** Problem statement **
When you copy the entries, match them exactly and omit the pictures.

** Dataset **

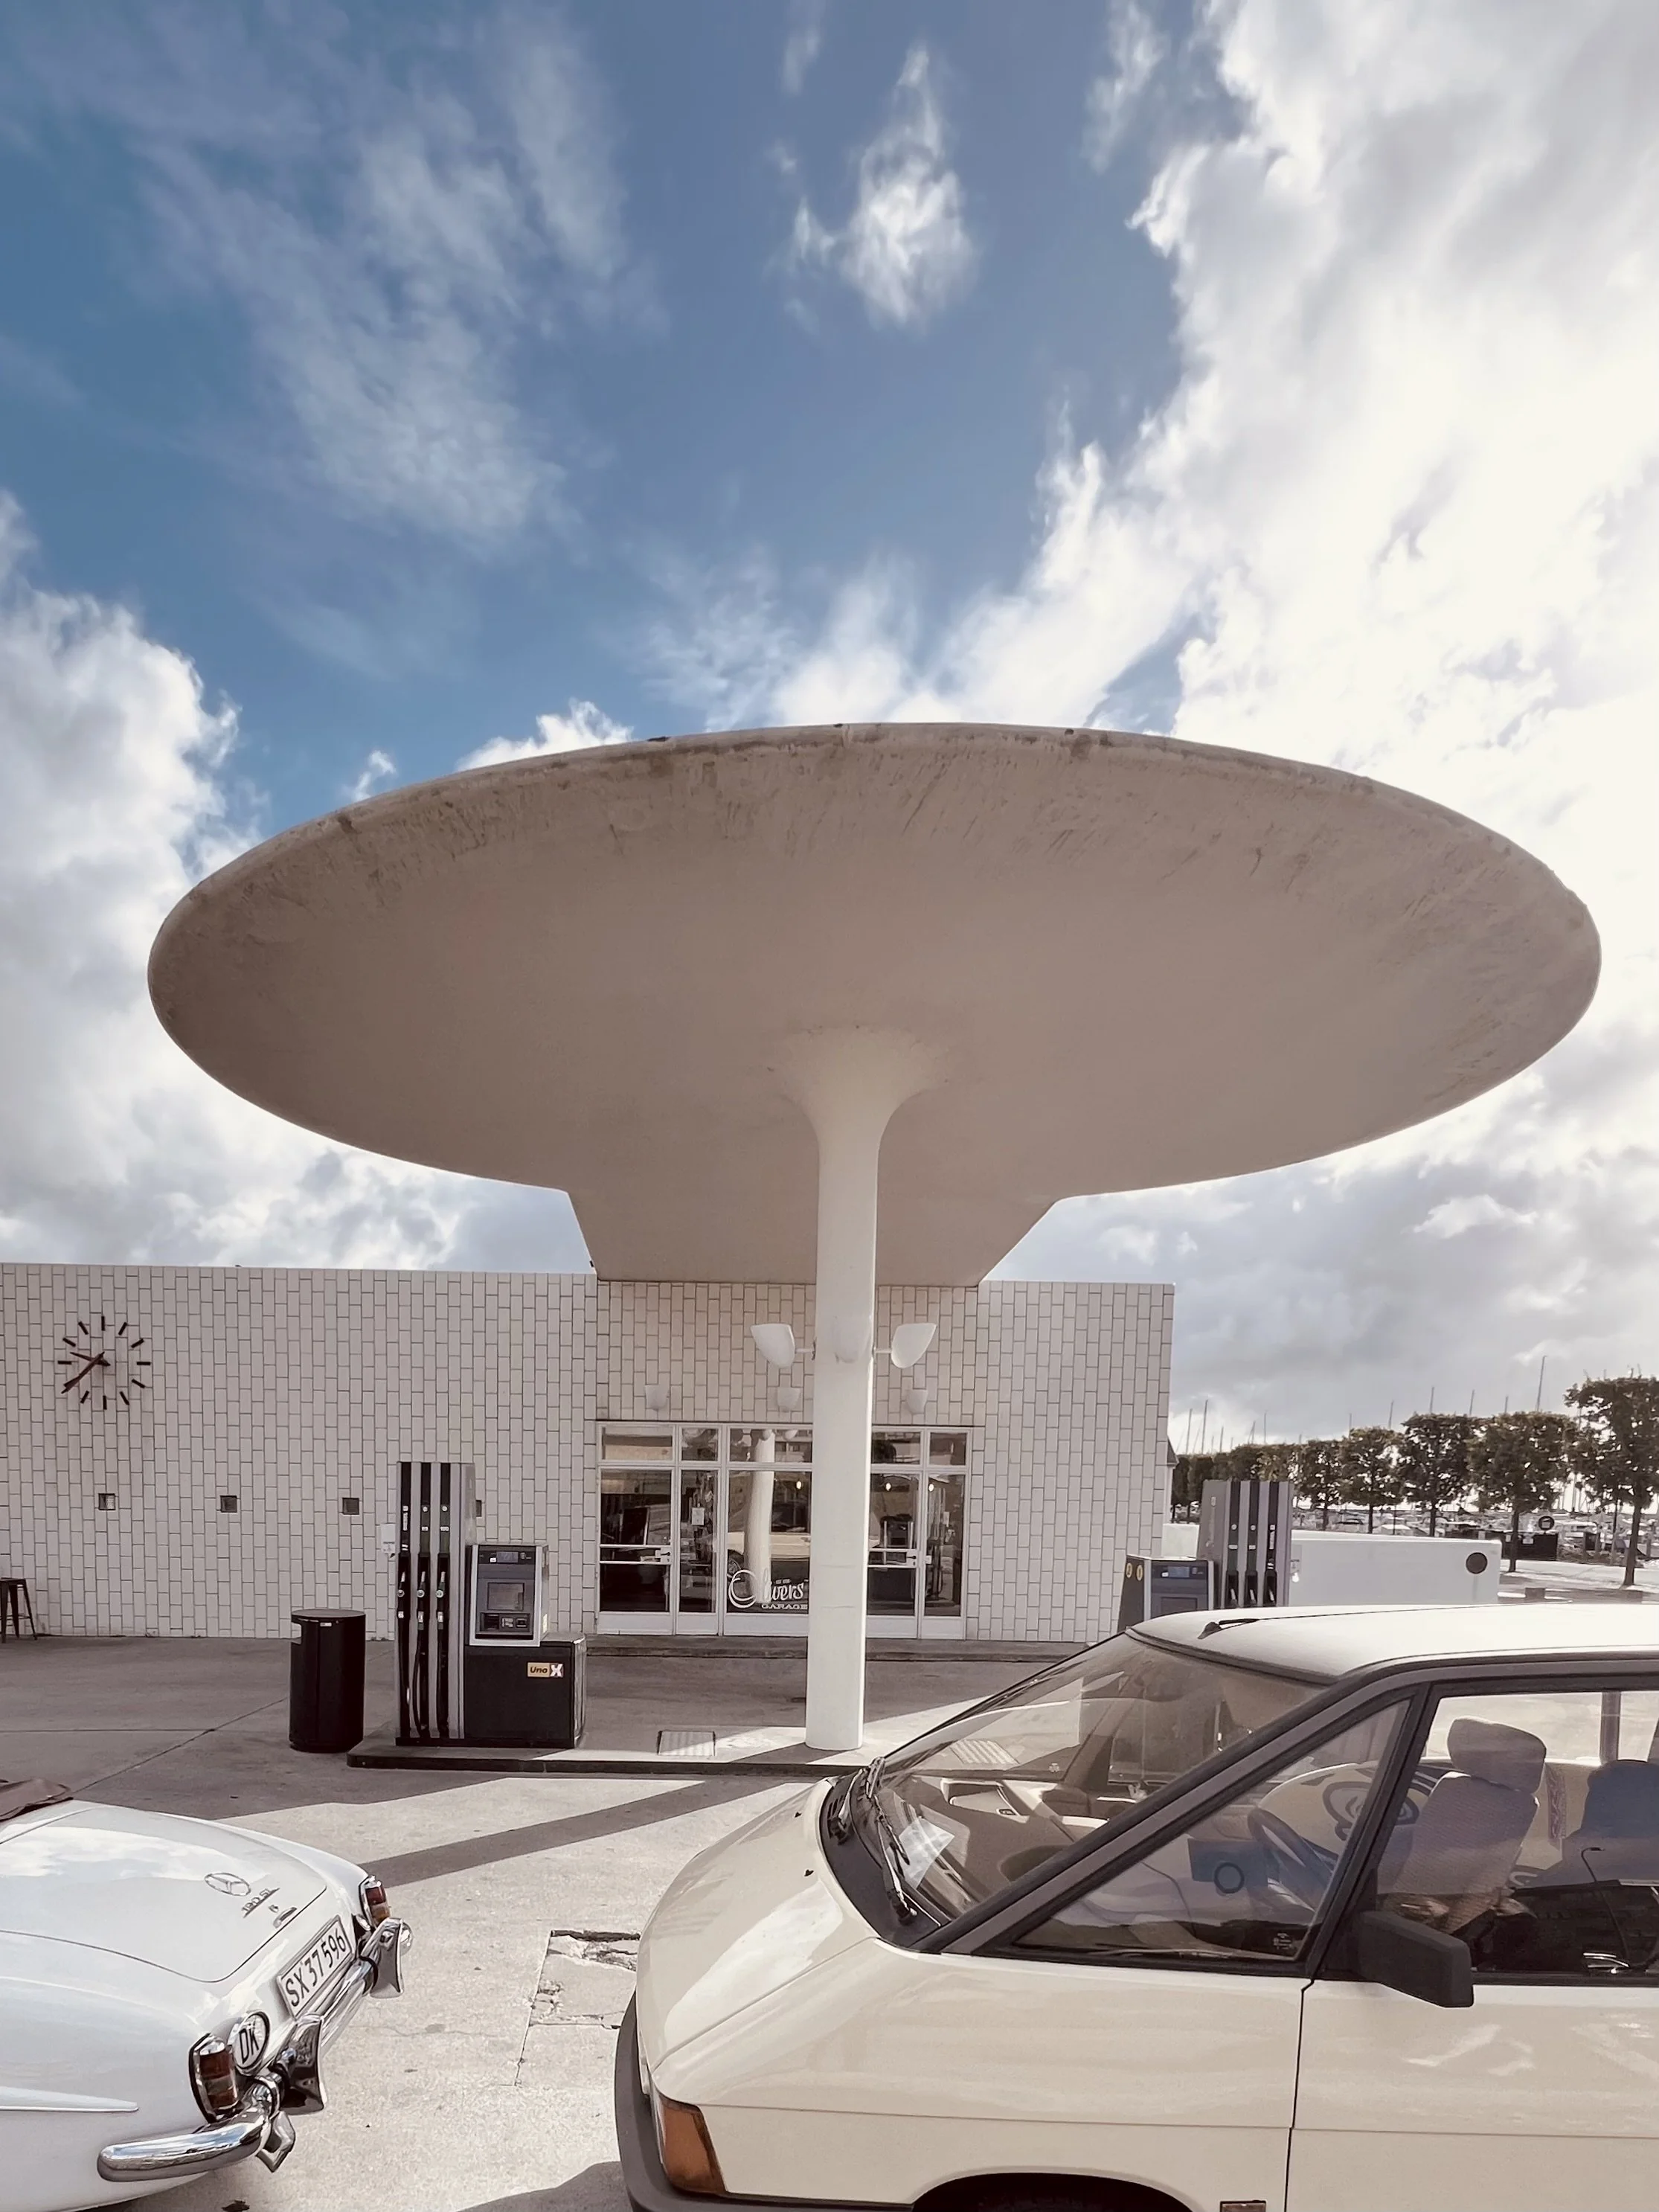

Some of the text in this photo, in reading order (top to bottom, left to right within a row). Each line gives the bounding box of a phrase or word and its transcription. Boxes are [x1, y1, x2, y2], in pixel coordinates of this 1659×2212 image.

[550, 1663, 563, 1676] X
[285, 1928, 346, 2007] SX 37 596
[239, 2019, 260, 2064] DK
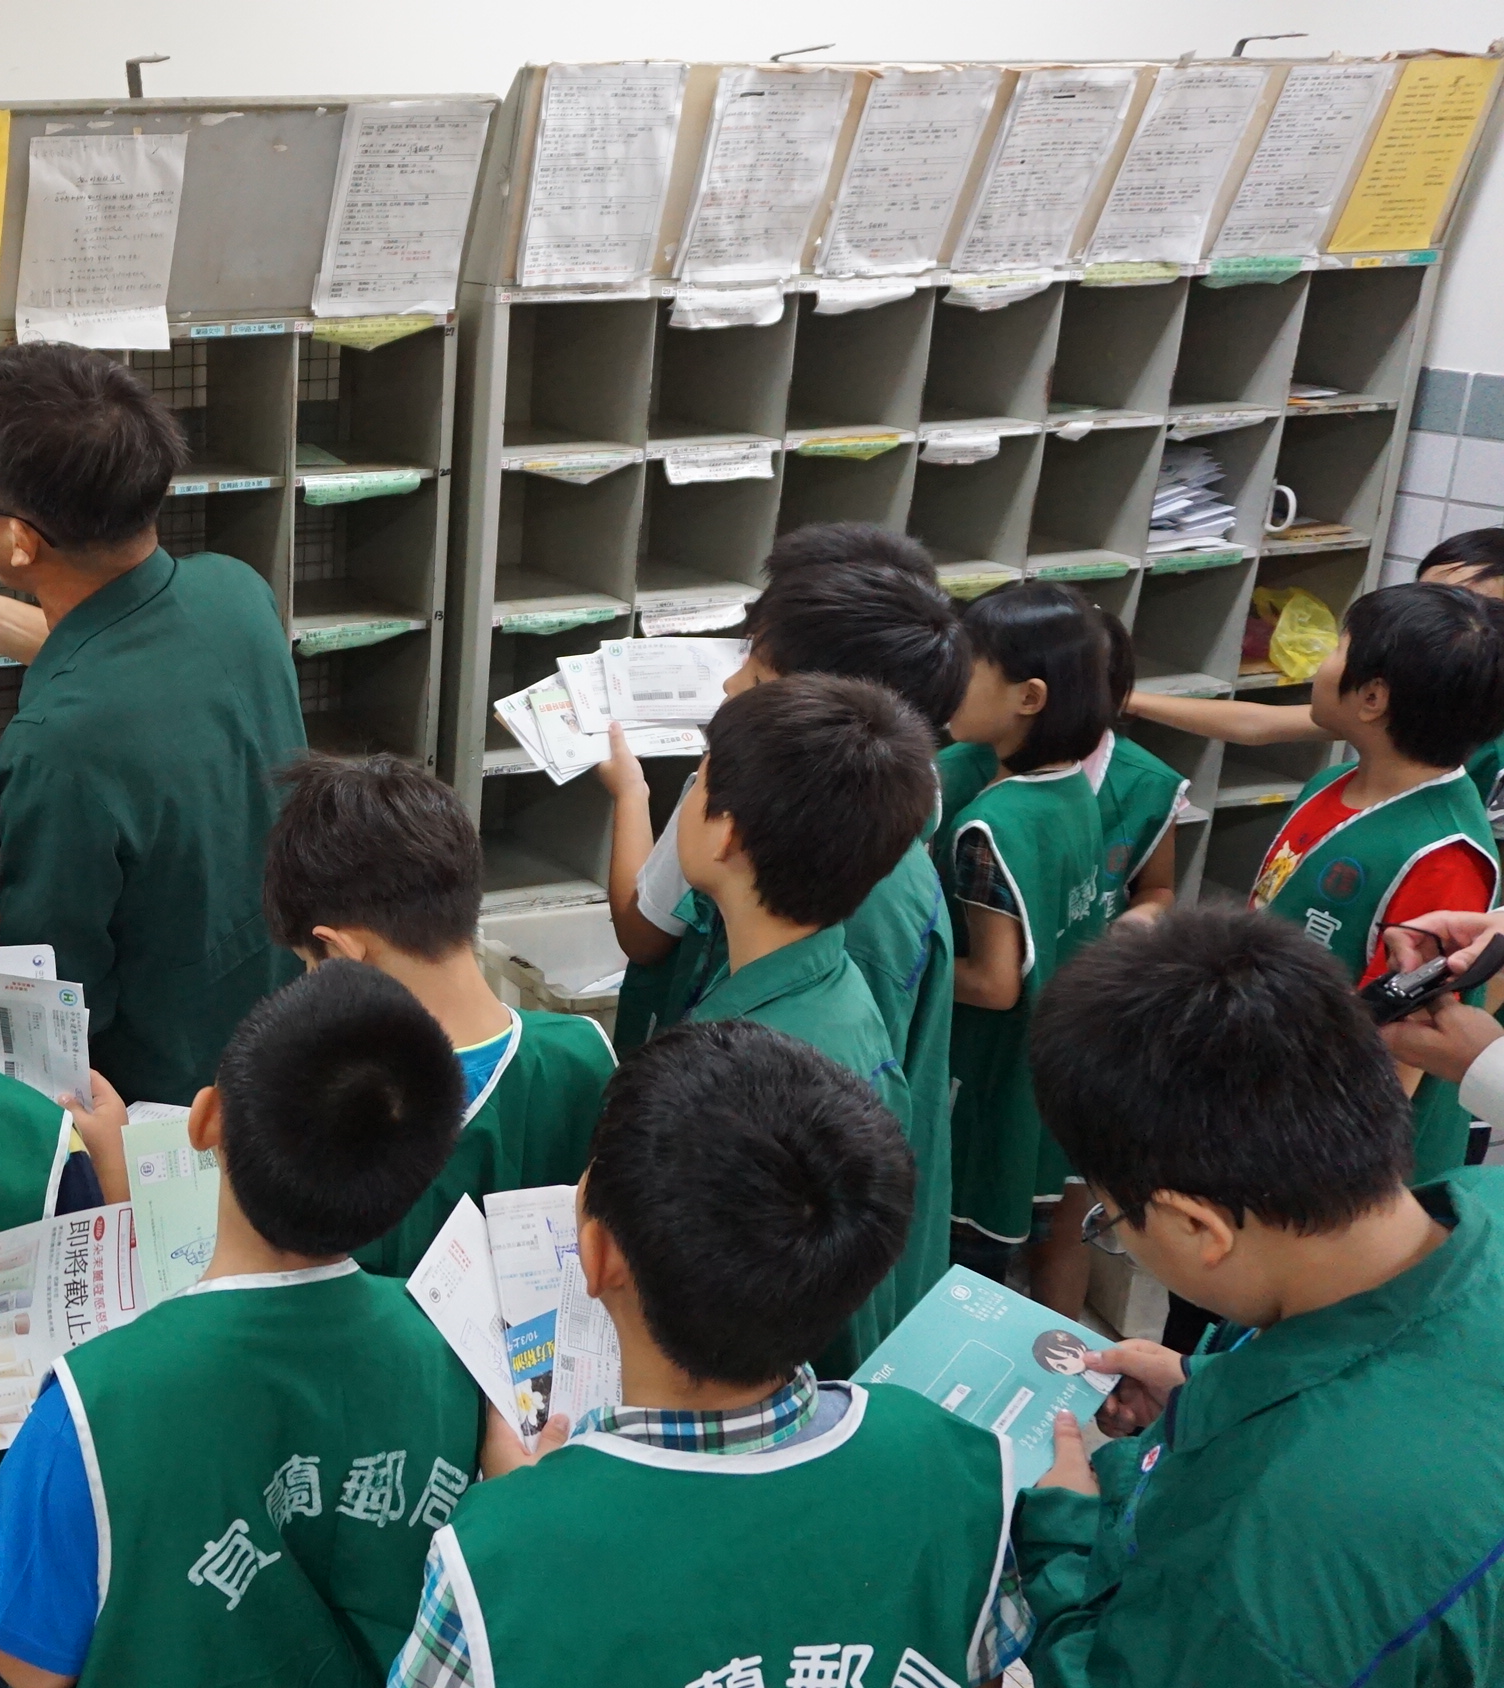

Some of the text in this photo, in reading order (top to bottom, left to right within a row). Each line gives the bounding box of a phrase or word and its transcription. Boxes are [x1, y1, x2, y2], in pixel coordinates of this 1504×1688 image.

** Response below **
Some of the text in this photo, in reading order (top to bottom, left to right within a row). Each line gives the bounding box of a phrase or word and its transcription. Boxes are [x1, y1, x2, y2], in pixel coordinates of this 1659×2212 image.

[550, 1663, 563, 1676] X
[285, 1928, 346, 2007] SX 37 596
[239, 2019, 260, 2064] DK

Some of the text in this photo, in reading order (top to bottom, left to right within a row). Each line gives the bounding box of a phrase or word and its transcription. Boxes are [x1, y1, x2, y2], in pixel coordinates of this 1504×1688 image.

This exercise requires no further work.